Yes, term insurance pays in case of an accidental death. The sum assured or cover taken under the term plan will pay the claim if the death has occurred due to any reason, be it natural or accidental death, or death due to some illness. There are certain riders (additional benefits) such as accidental death benefit, permanent disability rider and critical illness rider. By buying/adding these riders to the policy, a policyholder can ensure that his nominee will get an amount over and above the basic sum assured (due to any of the rider-related incidents).

2. Does Life Insurance covers death outside India ?

Yes, term plans cover death outside India provided the policyholder has updated this fact with the insurance company. He needs to mention that he now lives outside India. Just like change of phone number, address or nominee, there is a facility in the policy service form where the policyholder has to mention that he is going abroad. However, if he is going to a country that is marked as unsafe like Pakistan, Burma, Somalia etc, then the company will decline this facility. Otherwise, this cover will be valid in other countries like US or UK.

3. To what extent Pvt Insurance companies investigates death compared to LIC ?

There is a difference between early claim and normal claim. If a claim arises within the first two years of buying the policy (This period varies from company to company), the company investigates extensively before settling the claim. You can very well understand if someone has a cover of Rs 50 lakh by paying Rs 7,000 annually (And he has taken this policy on monthly basis, i.e. paying around Rs 600 monthly), then the company is at a great risk. Hence, the company will doubly check everything to settle the claim.  In normal claim, premiums are paid regularly and the policy is in force for a long period, say 12 to 15 years. In these cases, there are not much issues in getting a claim, be it LIC or any private company.

4. If I buy a term insurance policy today, can its premium change in the future?

Unless and otherwise it’s mentioned in the policy document. Premium of a term insurance remains the same throughout the term of the policy provided everything remains the same with the policyholder. That is, the policyholder has not developed any illness or any smoking/drinking habit. On declaring any such thing, company might apply loading and thus the premium amount changes.

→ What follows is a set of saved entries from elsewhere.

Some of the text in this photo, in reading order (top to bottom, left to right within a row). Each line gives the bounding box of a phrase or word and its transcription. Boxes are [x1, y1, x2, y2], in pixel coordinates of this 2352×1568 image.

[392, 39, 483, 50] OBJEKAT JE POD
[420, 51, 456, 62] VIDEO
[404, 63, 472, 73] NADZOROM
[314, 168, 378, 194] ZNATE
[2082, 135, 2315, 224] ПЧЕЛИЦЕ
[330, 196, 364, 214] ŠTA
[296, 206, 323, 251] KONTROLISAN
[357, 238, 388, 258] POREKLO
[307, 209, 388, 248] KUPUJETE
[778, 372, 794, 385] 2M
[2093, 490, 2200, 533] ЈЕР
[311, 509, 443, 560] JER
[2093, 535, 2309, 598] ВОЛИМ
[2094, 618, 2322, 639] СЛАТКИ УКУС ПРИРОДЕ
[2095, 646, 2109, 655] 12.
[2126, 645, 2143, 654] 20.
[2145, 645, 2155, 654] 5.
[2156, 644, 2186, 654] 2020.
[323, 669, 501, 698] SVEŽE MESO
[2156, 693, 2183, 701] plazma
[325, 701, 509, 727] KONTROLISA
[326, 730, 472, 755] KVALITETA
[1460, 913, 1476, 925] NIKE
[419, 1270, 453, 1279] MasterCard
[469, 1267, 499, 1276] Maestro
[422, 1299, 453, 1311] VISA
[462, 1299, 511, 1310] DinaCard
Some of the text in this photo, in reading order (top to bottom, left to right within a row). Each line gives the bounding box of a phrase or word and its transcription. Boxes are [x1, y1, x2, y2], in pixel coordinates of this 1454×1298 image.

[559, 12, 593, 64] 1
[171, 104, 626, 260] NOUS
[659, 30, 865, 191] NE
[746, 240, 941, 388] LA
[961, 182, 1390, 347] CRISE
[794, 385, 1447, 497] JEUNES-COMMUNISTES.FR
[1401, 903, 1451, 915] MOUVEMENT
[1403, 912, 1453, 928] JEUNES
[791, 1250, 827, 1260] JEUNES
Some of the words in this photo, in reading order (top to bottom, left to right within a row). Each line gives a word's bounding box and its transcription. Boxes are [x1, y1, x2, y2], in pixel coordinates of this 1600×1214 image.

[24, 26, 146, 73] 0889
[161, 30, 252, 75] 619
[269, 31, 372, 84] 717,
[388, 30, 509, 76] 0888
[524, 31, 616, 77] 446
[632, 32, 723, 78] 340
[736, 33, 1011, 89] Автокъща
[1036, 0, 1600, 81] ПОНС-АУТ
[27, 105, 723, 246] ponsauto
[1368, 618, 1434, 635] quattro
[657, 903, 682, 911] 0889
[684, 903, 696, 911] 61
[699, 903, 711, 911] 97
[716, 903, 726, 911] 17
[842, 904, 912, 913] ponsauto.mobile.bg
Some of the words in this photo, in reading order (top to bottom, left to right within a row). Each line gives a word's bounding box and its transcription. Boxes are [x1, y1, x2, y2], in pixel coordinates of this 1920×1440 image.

5. What if a person becomes a smoker after some years of taking the policies ?

If the policyholder has developed any habit, like drinking or smoking, after buying the policy, he has to disclose this fact to the company as now he belongs to a different risk pool. The company may levy loading(increase in premiums) on the existing premium or even cancel the policy. This is necessary as violation of this term can result in decline of the claim in extreme cases.

6. What if a person was a smoker long back but not at the time of taking the policy ?

Depends on the policy, but just for example, the Kotak Life Insurance proposal form mentions that the client has to declare whether he was a smoker or drinker earlier also even if he has left that habit long ago. However, I am not sure about other companies. Also, it depends on the company whom they consider as a non-smoker at the time of issuing a policy. For example: Max New York Life Insurance, for its Platinum Protect (term insurance), considers people, who have left smoking more than three years ago, as non-smokers. So please check the company’s rule.

7. What kind of deaths are not covered in term insurance?

Some important facts, which most of the people are unaware of, are that most companies exclude “Death due to Terrorist Attack”. Although such claims are settled on humanitarian grounds later on when the nominee approaches Insurance Regulatory and Development Authority (IRDA) but such exclusion is there in most companies. Other important fact, which public at large is unaware of, is that insurance companies do not cover death due to war or natural disaster like earthquake/tsunami. Because in these cases, death toll is high and the claim to be settled runs in crores of rupees which is difficult to settle by the company all of a sudden. Therefore, these facts should also be kept in mind while buying a term insurance.

8. How to take care of claim settlement in case of more than two policies?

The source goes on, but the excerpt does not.